Association of Religious Service Attendance With Mortality Among Women

Affiliations
Multicenter Study

Association of Religious Service Attendance With Mortality Among Women

Shanshan Li et al. JAMA Intern Med. .

Abstract

Importance: Studies on the association between attendance at religious services and mortality often have been limited by inadequate methods for reverse causation, inability to assess effects over time, and limited information on mediators and cause-specific mortality.

Objective: To evaluate associations between attendance at religious services and subsequent mortality in women.

Design, setting, and participants: Attendance at religious services was assessed from the first questionnaire in 1992 through June 2012, by a self-reported question asked of 74 534 women in the Nurses' Health Study who were free of cardiovascular disease and cancer at baseline. Data analysis was conducted from return of the 1996 questionnaire through June 2012.

Main outcomes and measures: Cox proportional hazards regression model and marginal structural models with time-varying covariates were used to examine the association of attendance at religious services with all-cause and cause-specific mortality. We adjusted for a wide range of demographic covariates, lifestyle factors, and medical history measured repeatedly during the follow-up, and performed sensitivity analyses to examine the influence of potential unmeasured and residual confounding.

Results: Among the 74 534 women participants, there were 13 537 deaths, including 2721 owing to cardiovascular deaths and 4479 owing to cancer deaths.

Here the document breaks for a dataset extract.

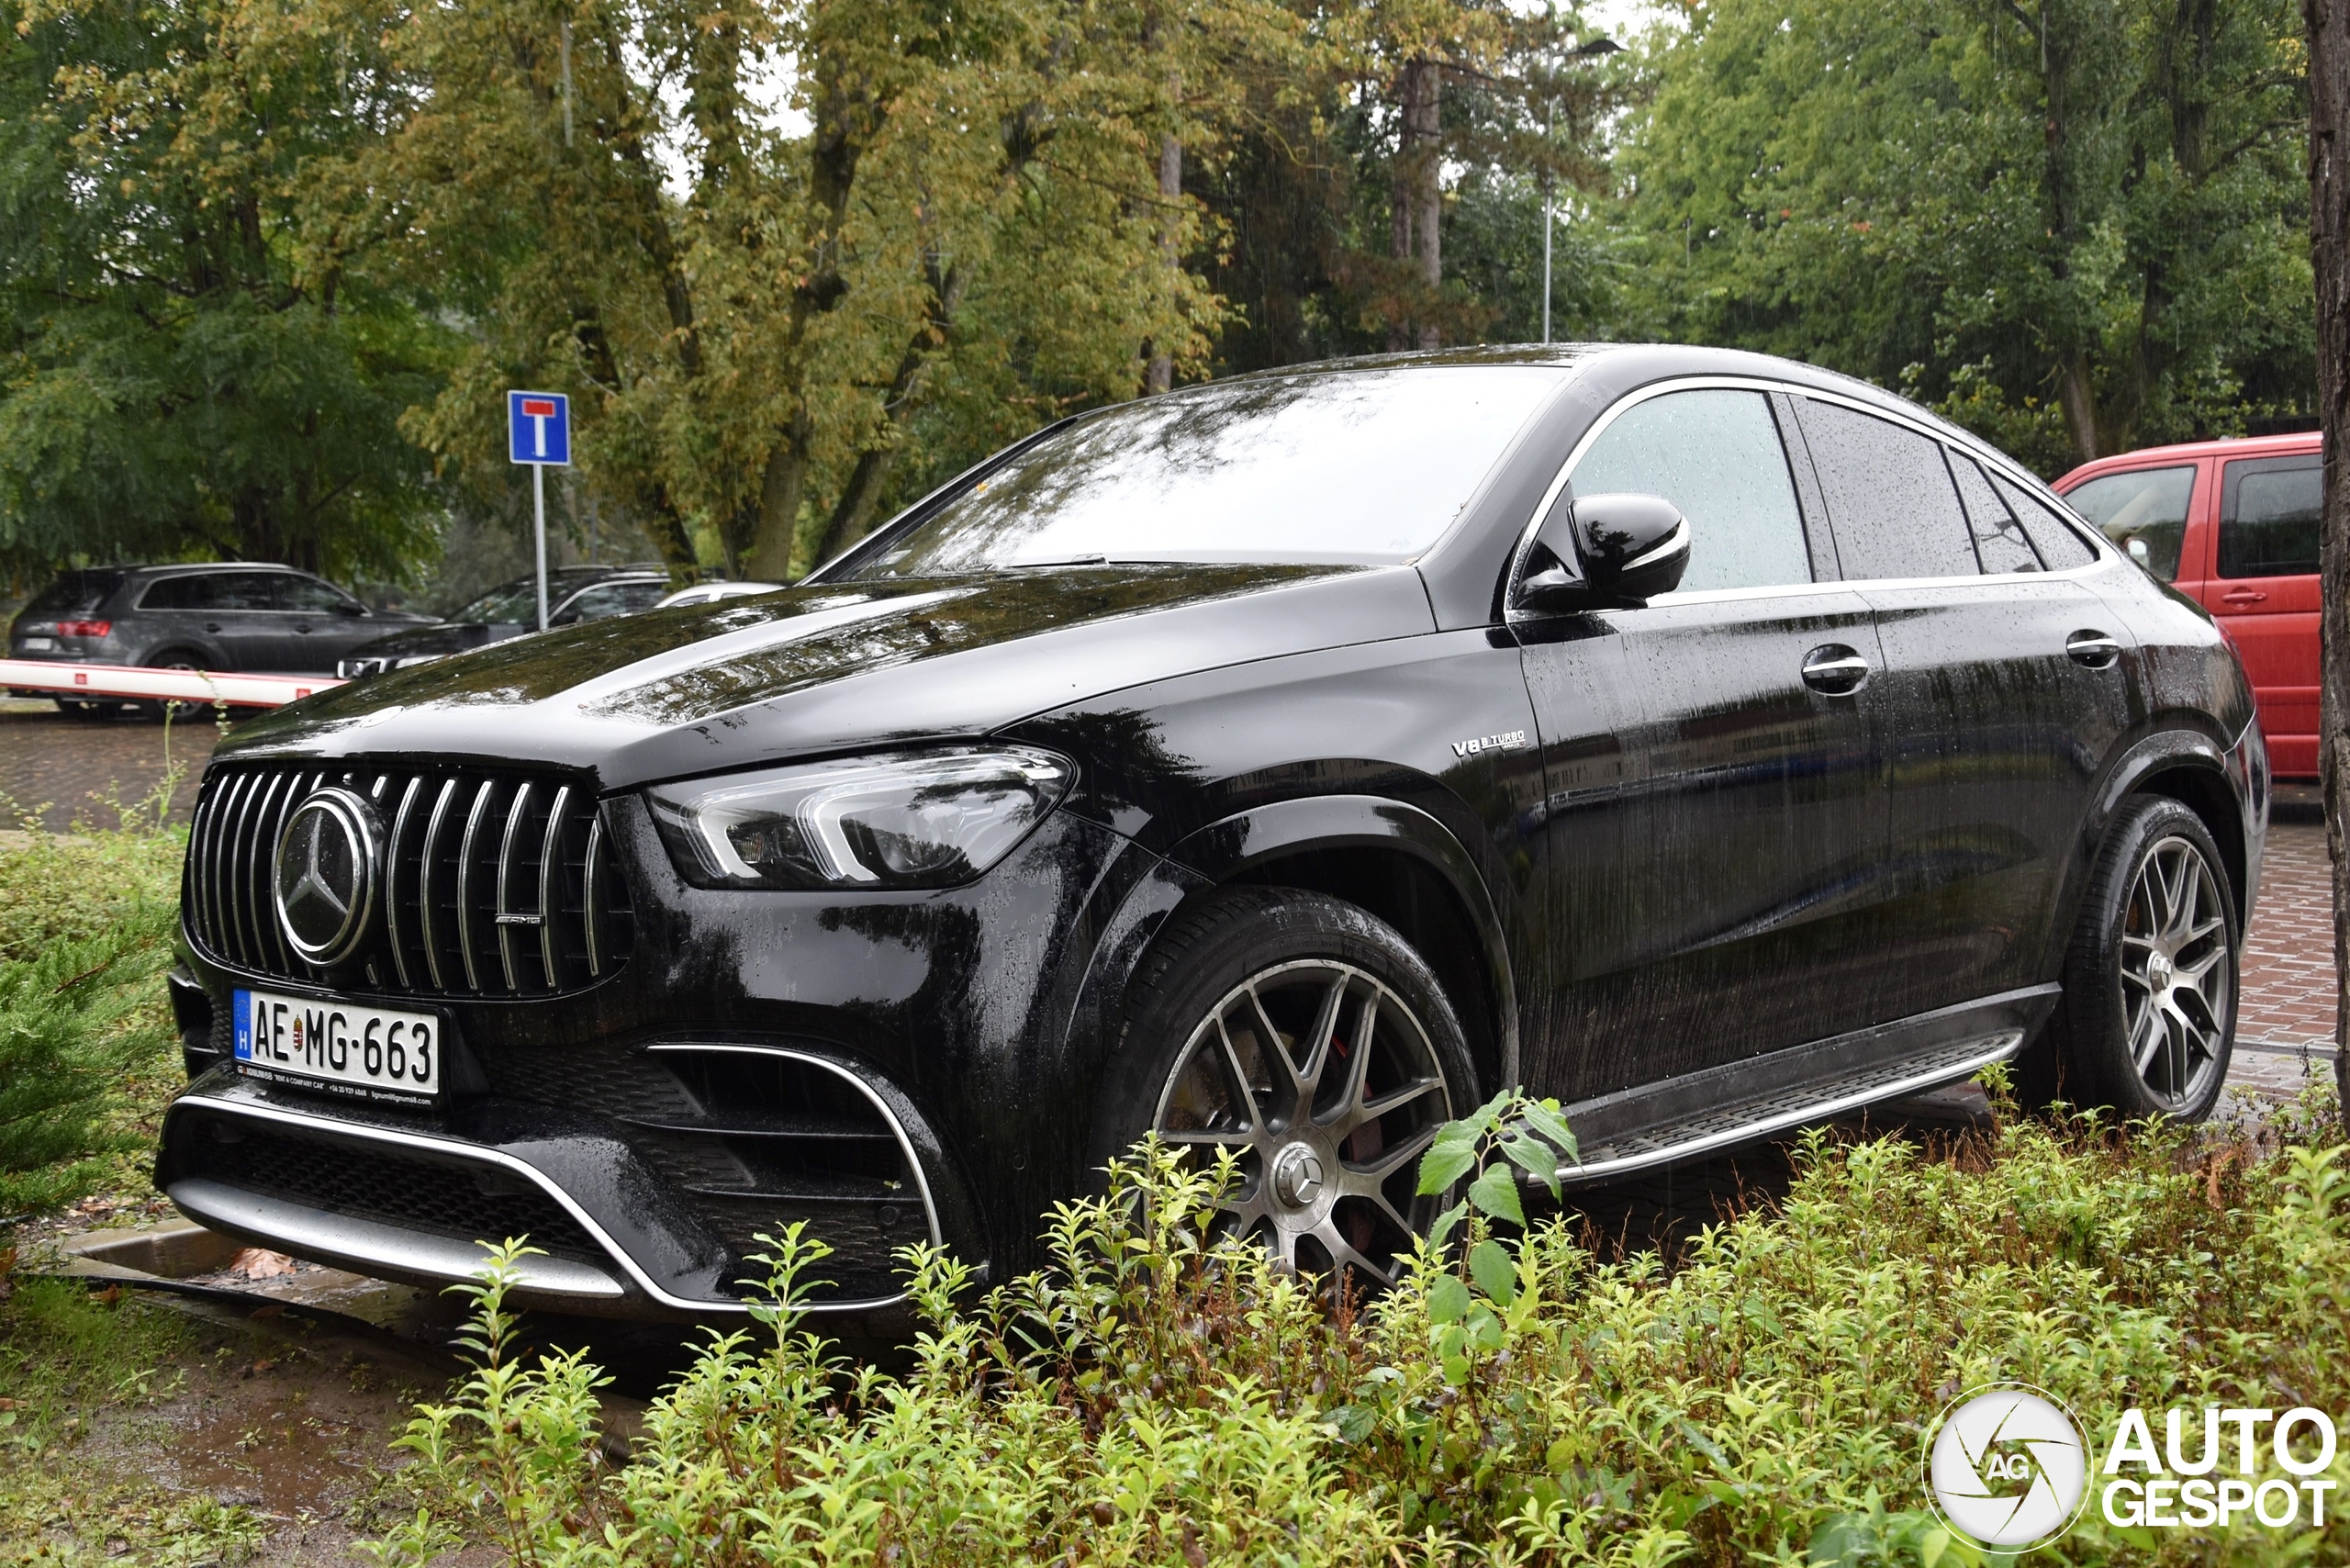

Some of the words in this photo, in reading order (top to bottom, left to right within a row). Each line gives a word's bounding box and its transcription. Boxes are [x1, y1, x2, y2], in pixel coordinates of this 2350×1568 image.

After multivariable adjustment for major lifestyle factors, risk factors, and attendance at religious services in 1992, attending a religious service more than once per week was associated with 33% lower all-cause mortality compared with women who had never attended religious services (hazard ratio, 0.67; 95% CI, 0.62-0.71; P < .001 for trend). Comparing women who attended religious services more than once per week with those who never attend, the hazard ratio for cardiovascular mortality was 0.73 (95% CI, 0.62-0.85; P < .001 for trend) and for cancer mortality was 0.79 (95% CI, 0.70-0.89; P < .001 for trend). Results were robust in sensitivity analysis. Depressive symptoms, smoking, social support, and optimism were potentially important mediators, although the overall proportion of the association between attendance at religious services and mortality was moderate (eg, social support explained 23% of the effect [P = .003], depressive symptoms explained 11% [P < .001], smoking explained 22% [P < .001], and optimism explained 9% [P < .001]).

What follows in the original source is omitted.